DESCRIPTION OF THE TASK: Copy out each line below verbatim, skipping any picture.

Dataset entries

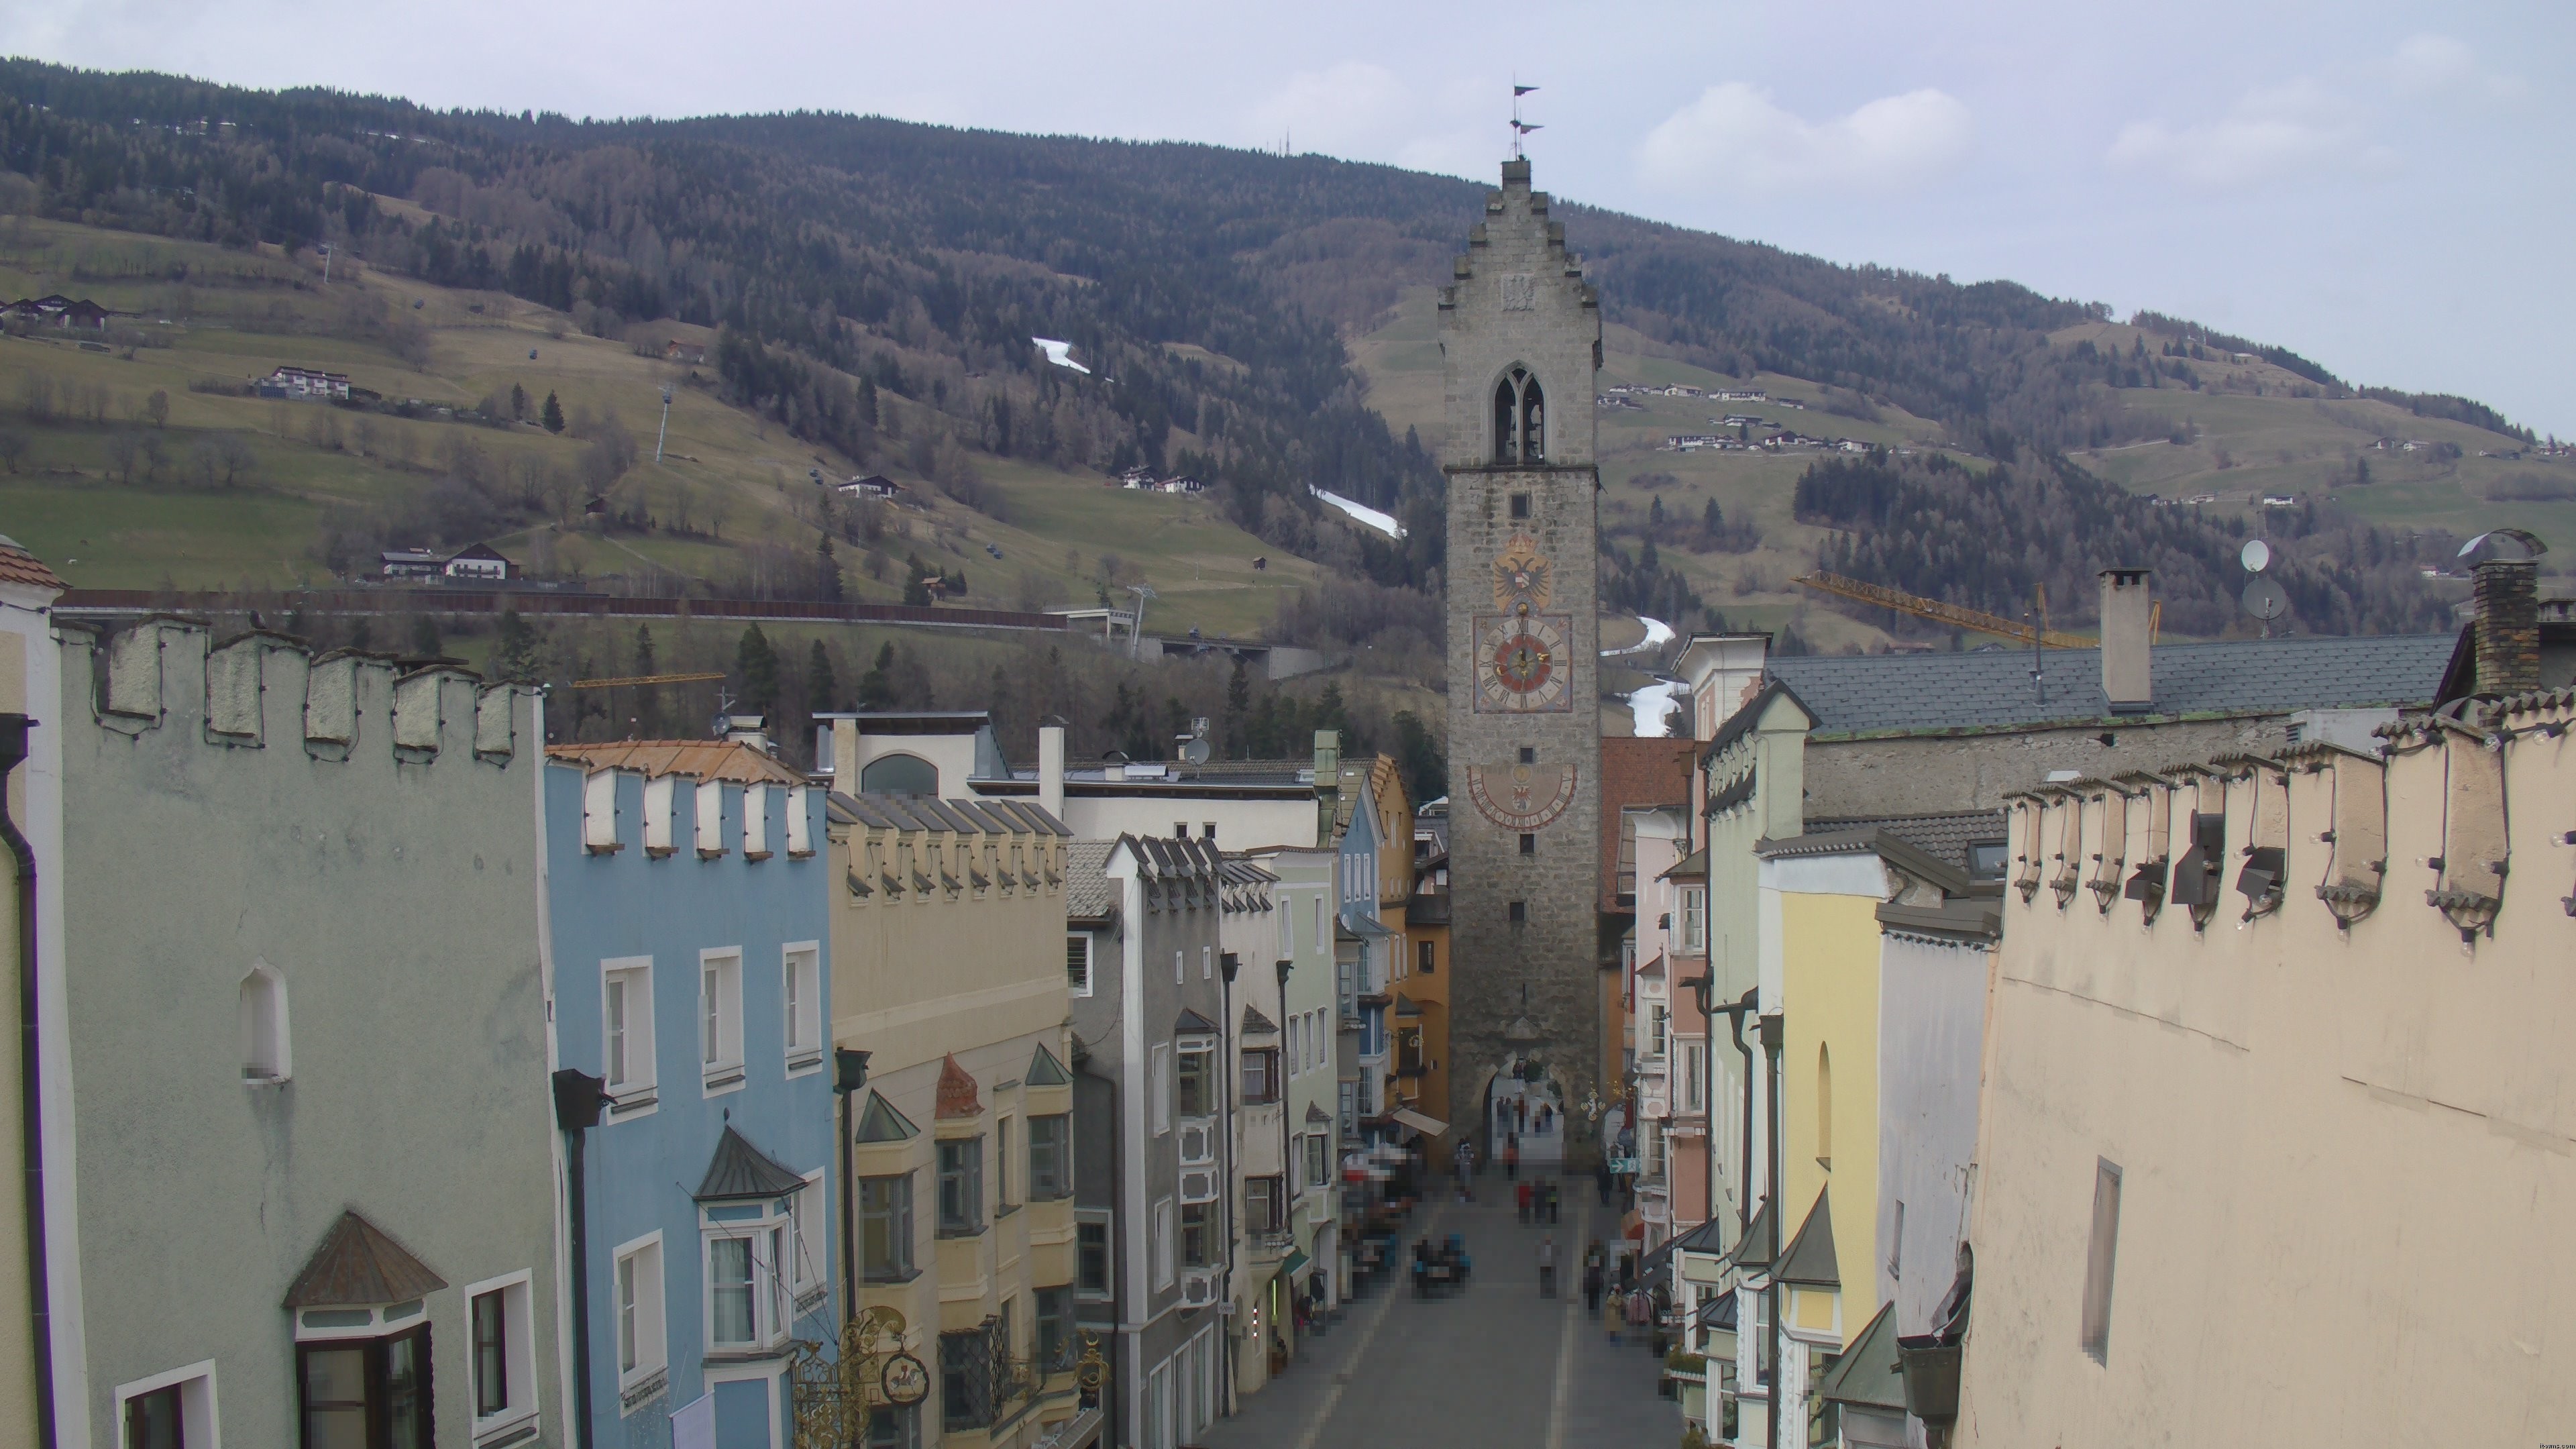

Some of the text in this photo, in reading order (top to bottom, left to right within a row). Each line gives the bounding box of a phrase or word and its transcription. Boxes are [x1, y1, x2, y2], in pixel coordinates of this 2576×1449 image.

[1538, 625, 1545, 637] I
[1549, 639, 1562, 649] II
[1550, 676, 1562, 689] IV
[1520, 694, 1527, 708] VI
[1538, 690, 1548, 703] V
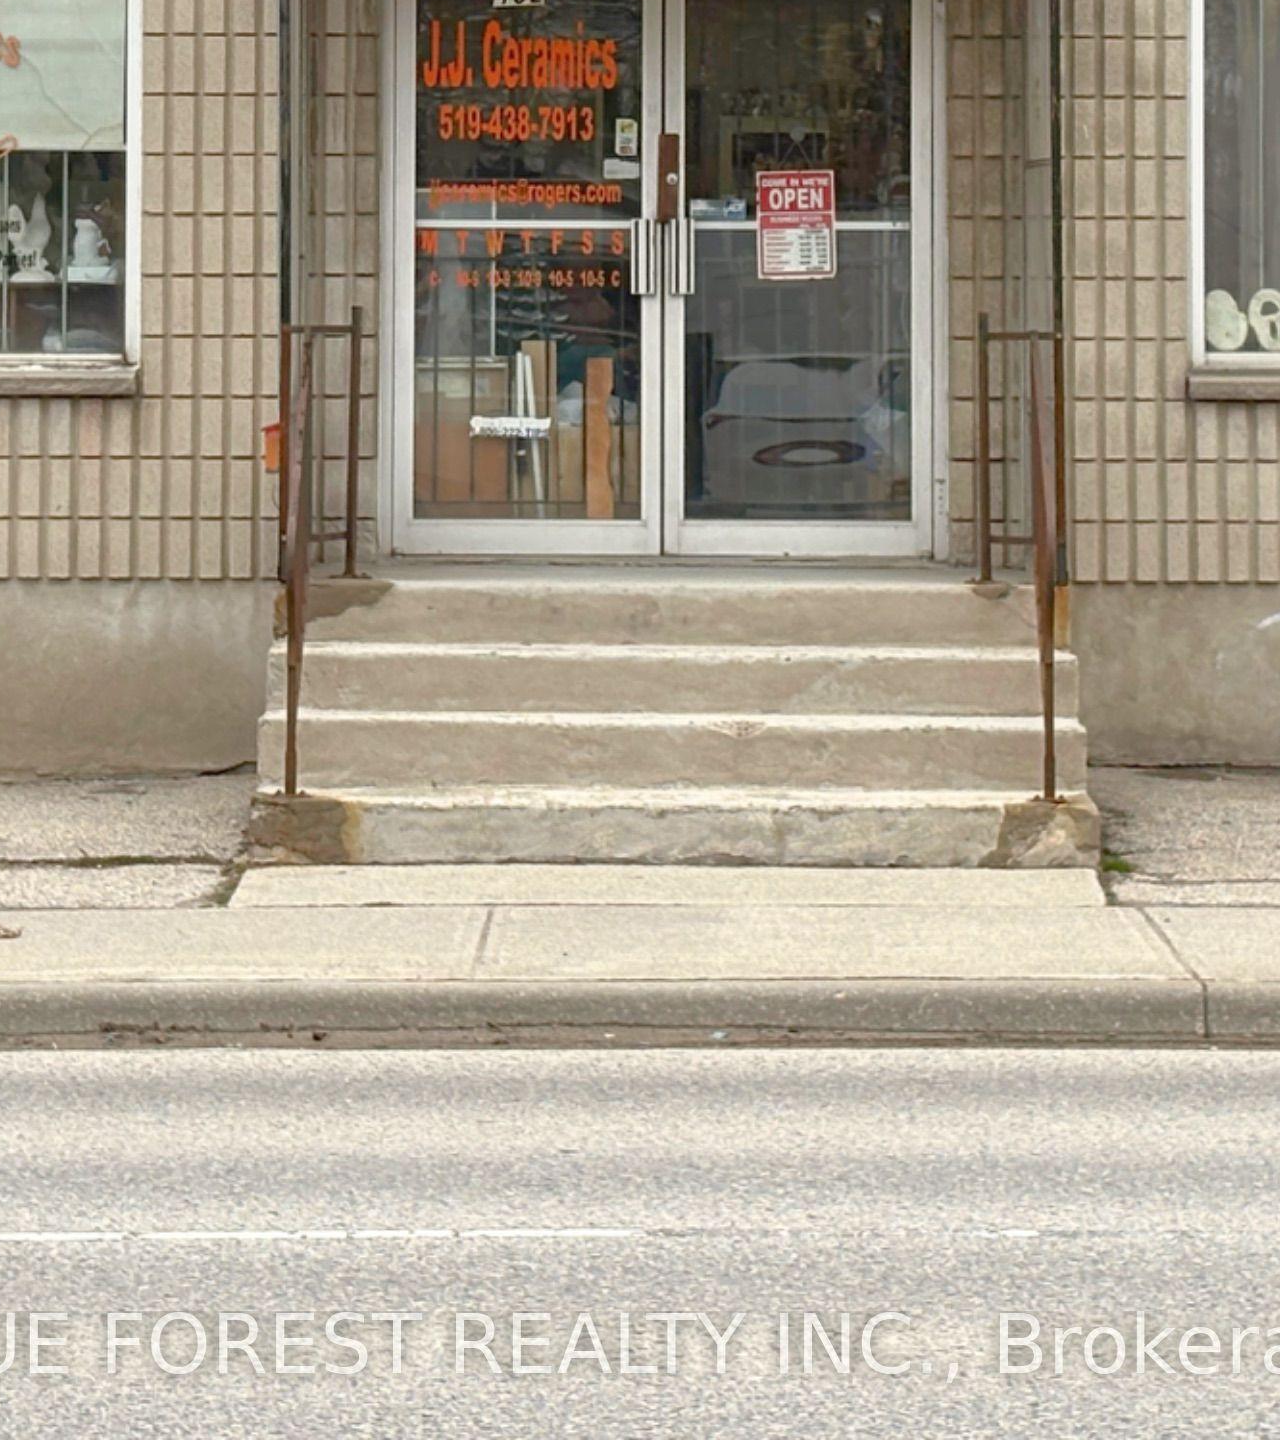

ANSWER BOX:
Some of the text in this photo, in reading order (top to bottom, left to right within a row). Each line gives the bounding box of a phrase or word and its transcription. Boxes are [x1, y1, x2, y2], in pixel coordinates of this 2576×1449 image.

[1538, 625, 1545, 637] I
[1549, 639, 1562, 649] II
[1550, 676, 1562, 689] IV
[1520, 694, 1527, 708] VI
[1538, 690, 1548, 703] V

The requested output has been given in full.